Она устало поднялась и сделала несколько шагов к проигрывателю. Хотела его включить, но передумала. Какой смысл включать, если тот, другой, проигрыватель и без того играет у тебя в голове и тема вальса из третьего действия все еще звучит в твоих ушах. Она звучала все время, но теперь в ней появилось что-то дразнящее и наглое, как усмешка. Словно какой-то холодный и враждебный голос исполнял пародию на прекрасную музыку. Как те враждебные силы, которые, сковав тебя в своих холодных объятиях, заставили превратить в пародию прекрасный танец. Эта вечная безликая и враждебная сила, становящаяся на твоем пути, могучая и коварная сила, которой ты все же отказываешься подчиниться.
Она вернулась в свой угол и снова села на кровать, опустив голову и скрестив руки на коленях, как делают старухи.
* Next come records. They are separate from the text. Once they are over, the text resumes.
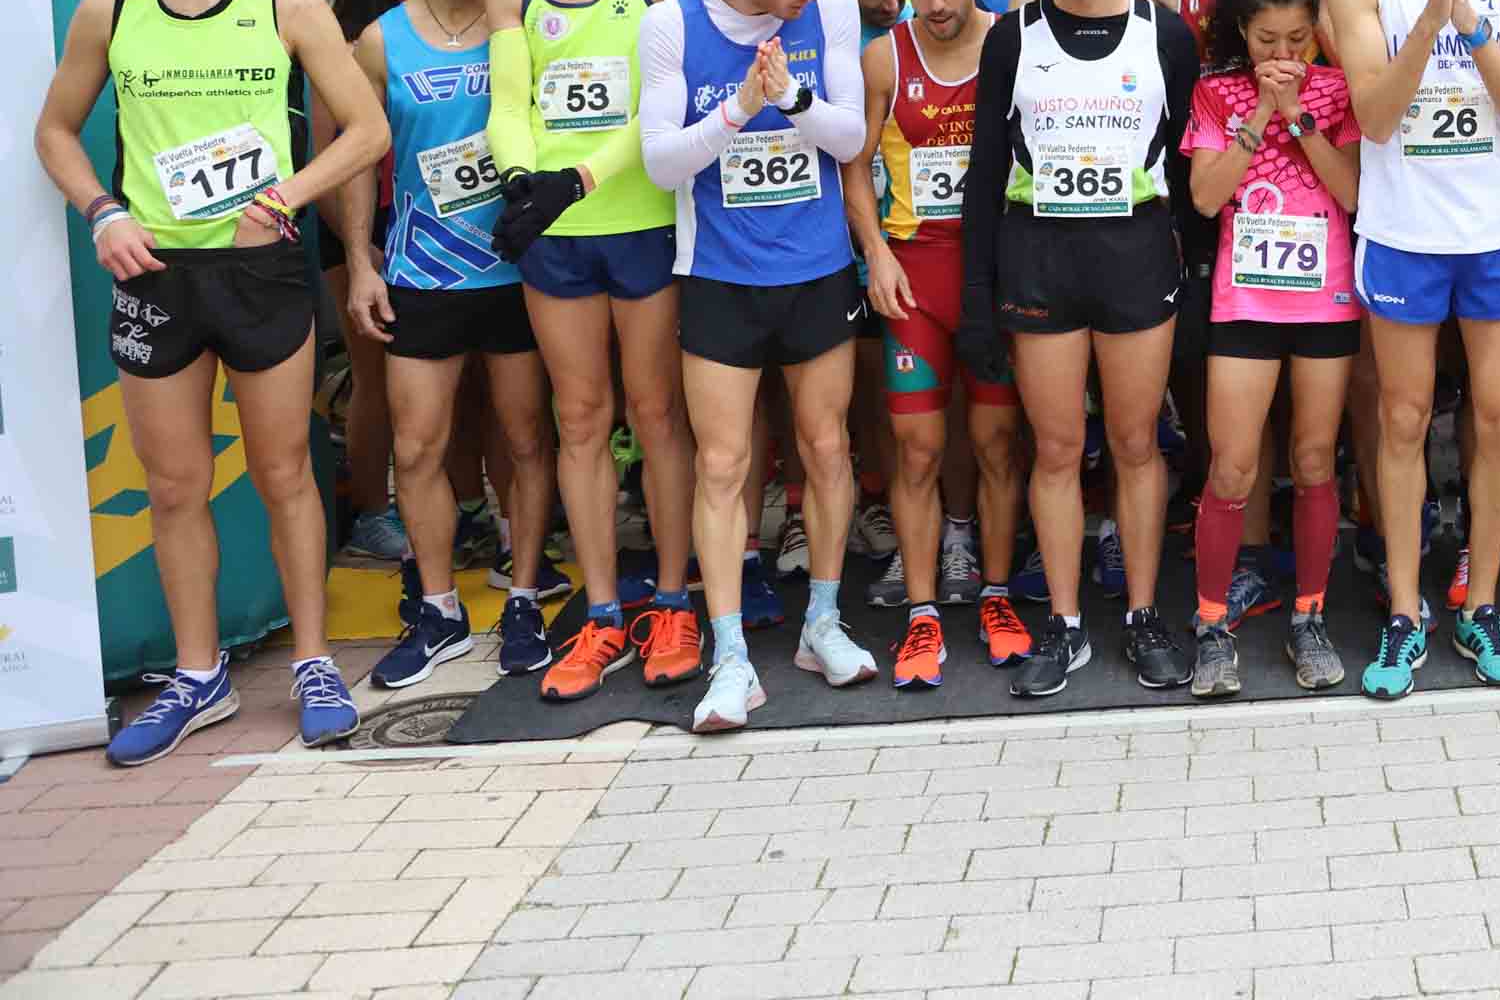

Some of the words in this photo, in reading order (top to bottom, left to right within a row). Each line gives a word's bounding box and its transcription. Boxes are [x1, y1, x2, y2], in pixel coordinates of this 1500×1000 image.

[160, 68, 234, 79] INMOBILIARIA
[235, 67, 276, 82] TEO
[566, 83, 610, 113] 53
[1033, 97, 1079, 114] JUSTO
[1084, 94, 1143, 113] MUÑOZ
[1416, 87, 1433, 95] uelta
[1065, 115, 1142, 131] SANTINOS
[1432, 108, 1478, 138] 26
[191, 147, 263, 199] 177
[455, 154, 500, 191] 95
[742, 152, 811, 187] 362
[1053, 167, 1123, 197] 365
[1255, 239, 1319, 272] 179
Единственное утешение – твое упорство, это хоть что-то надежное, его-то никто у тебя не отнимет. Она понимала: что бы ни случилось и как бы ни было уже поздно, она не откажется и не остановится, а будет карабкаться дальше, и это была ее последняя вера, горестная вера тех, кто упорно ползет по крутому подъему, ползет отчаянно, без надежды, потому что знает, что вершины никогда не достичь.
Будешь ползти, стискивать зубы и плакать.
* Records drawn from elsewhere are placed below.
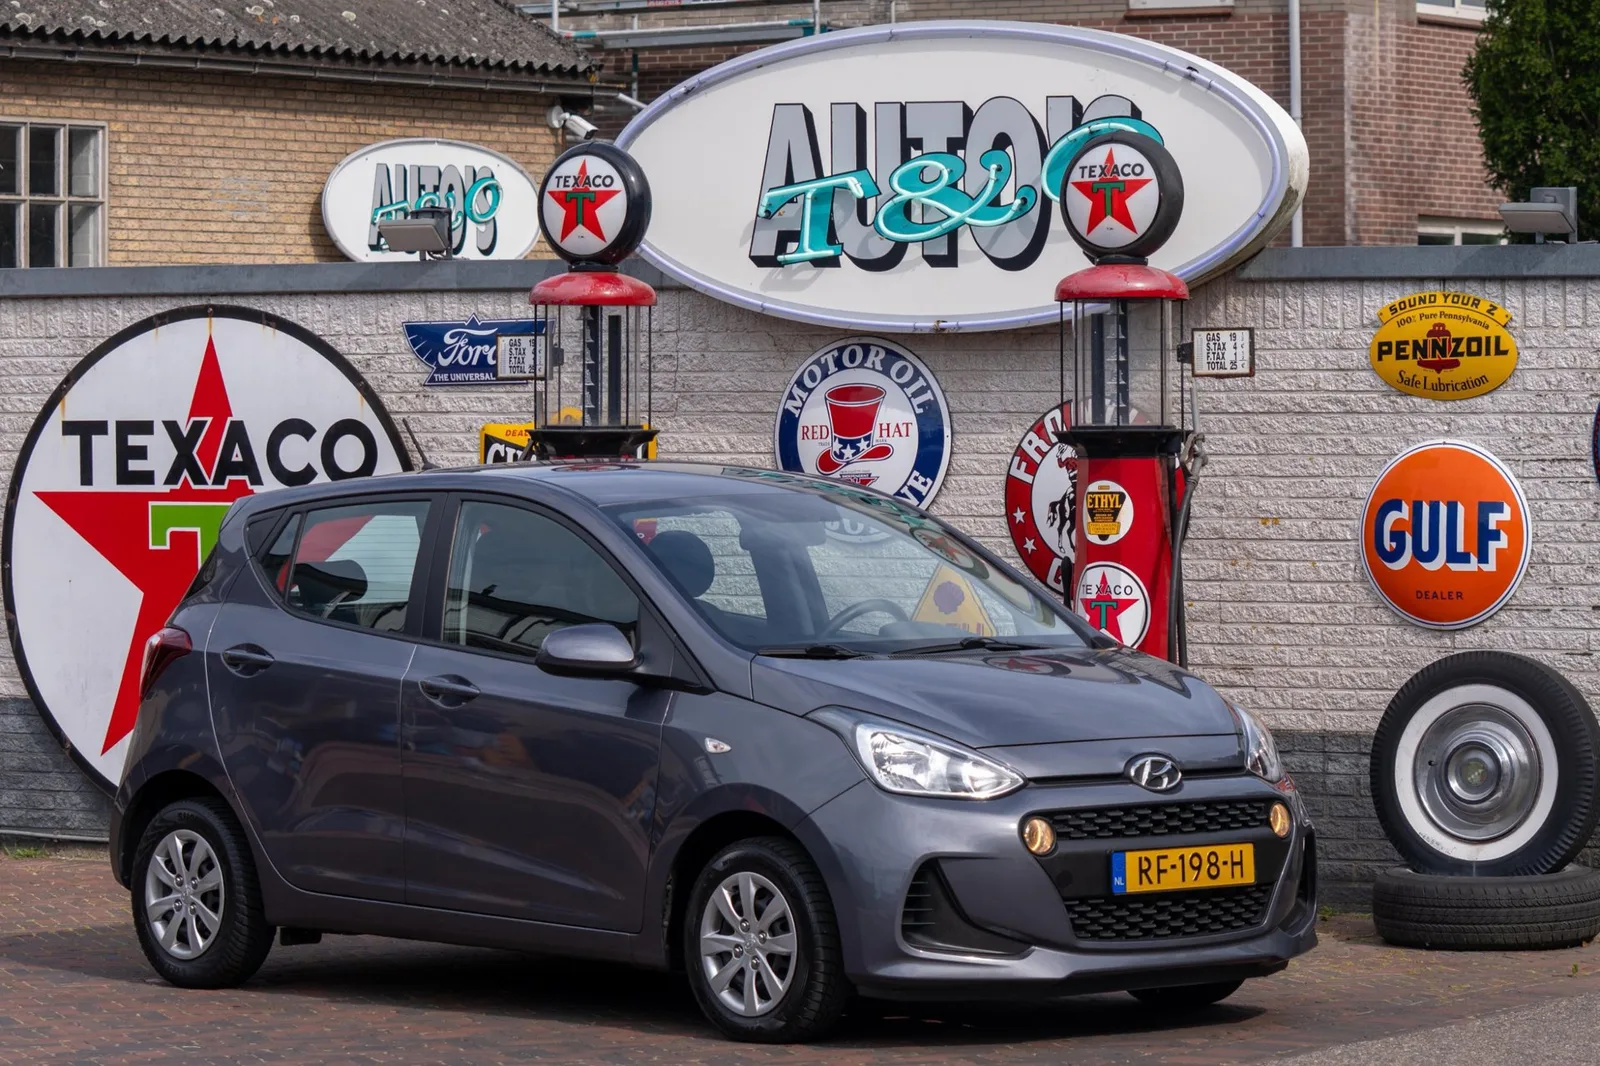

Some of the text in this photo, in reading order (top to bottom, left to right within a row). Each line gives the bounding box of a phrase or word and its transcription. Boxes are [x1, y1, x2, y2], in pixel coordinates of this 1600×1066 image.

[1079, 163, 1145, 179] TEXACO
[555, 175, 615, 188] TEXACO
[749, 94, 1142, 272] AUTO'
[1389, 293, 1498, 316] SOUND YOUR Z
[1419, 312, 1438, 321] Pure
[1439, 311, 1490, 330] Pennsylvania
[508, 338, 522, 347] GAS
[1206, 332, 1237, 342] GAS 19
[508, 347, 526, 356] S.TAX
[1206, 342, 1238, 351] S.TAX 4
[1377, 335, 1510, 361] PENNZOIL
[1206, 352, 1226, 361] F.TAX
[508, 365, 527, 374] TOTAL
[1206, 361, 1238, 371] TOTAL 25
[434, 372, 496, 381] THE UNIVERSAL
[784, 345, 935, 418] MOTOR OIL
[1397, 370, 1489, 392] Safe Lubrication
[505, 429, 529, 437] DEAL
[801, 422, 913, 441] RED HAT
[61, 417, 378, 487] TEXACO
[1087, 493, 1122, 508] ETHYL
[1374, 498, 1511, 572] GULF
[1082, 584, 1133, 596] TEXACO
[1416, 590, 1464, 600] DEALER
[1114, 849, 1244, 887] NL RF-198-H
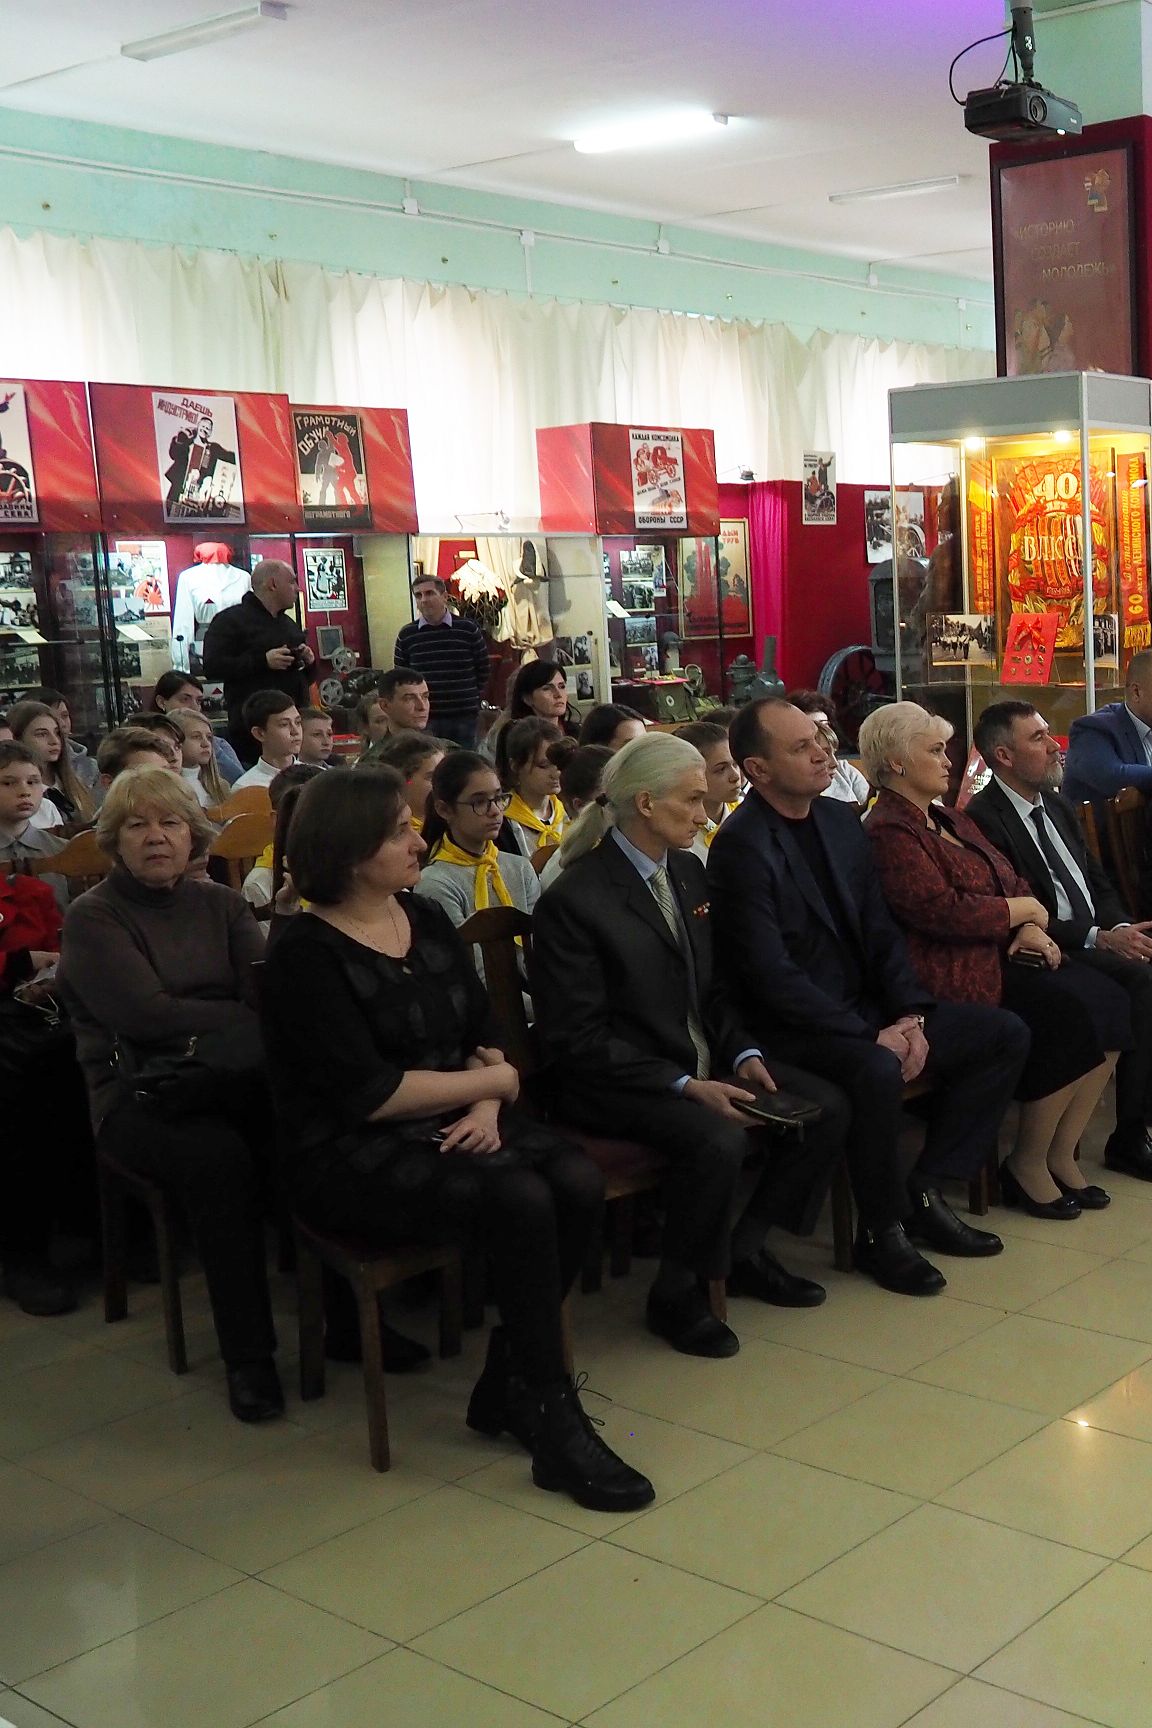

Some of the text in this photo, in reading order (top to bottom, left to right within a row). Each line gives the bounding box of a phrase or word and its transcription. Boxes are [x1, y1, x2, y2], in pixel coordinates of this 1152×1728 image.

[295, 415, 357, 437] ГРАМОТНЫЙ
[1032, 472, 1079, 501] 40
[638, 515, 684, 524] ОБОРОНЫ СССР
Плакать она могла, только когда Мими решала наконец отложить роман и погасить свет. Очень глупое занятие. Не читать романы, как Мими, а плакать, как она. Днем она никогда не роптала, не ныла, не жаловалась и по привычке копила все в себе. И когда накопится столько горечи, разве можно не излить ее одним-единственным способом, каким бы бесполезным он ни был. Могла ли она не излить ее, хотя бы чтобы освободить место для новой порции.
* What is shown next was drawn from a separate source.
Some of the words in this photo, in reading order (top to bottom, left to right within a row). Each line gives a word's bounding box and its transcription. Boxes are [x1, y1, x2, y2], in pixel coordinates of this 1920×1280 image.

Она поворачивалась на левый бок, к стене, хотя отец когда-то, очень давно, говорил ей, что нельзя спать на левом боку, потому что так давишь на сердце. Может быть, она действительно давила на него, но и без того на сердце у нее была такая тяжесть, что, чуть больше эта тяжесть или чуть меньше, уже не имело значения. Она поворачивалась на левый бок к стене и зарывалась лицом в подушку, чтобы Мими не слышала, как она плачет. Она лежала, зарывшись головой в подушку, и плакала, но не так, как ей хотелось, – громко, навзрыд, как когда-то, вволю, чтобы облегчить душу, а плакала все так же украдкой, сдерживаясь и не позволяя прорываться рыданиям, плакала и мочила слезами подушку. Так сильно мочила ее, что наволочку слева всегда украшало желтое пятно.
Из-за этой Мими нельзя даже спокойно выплакаться.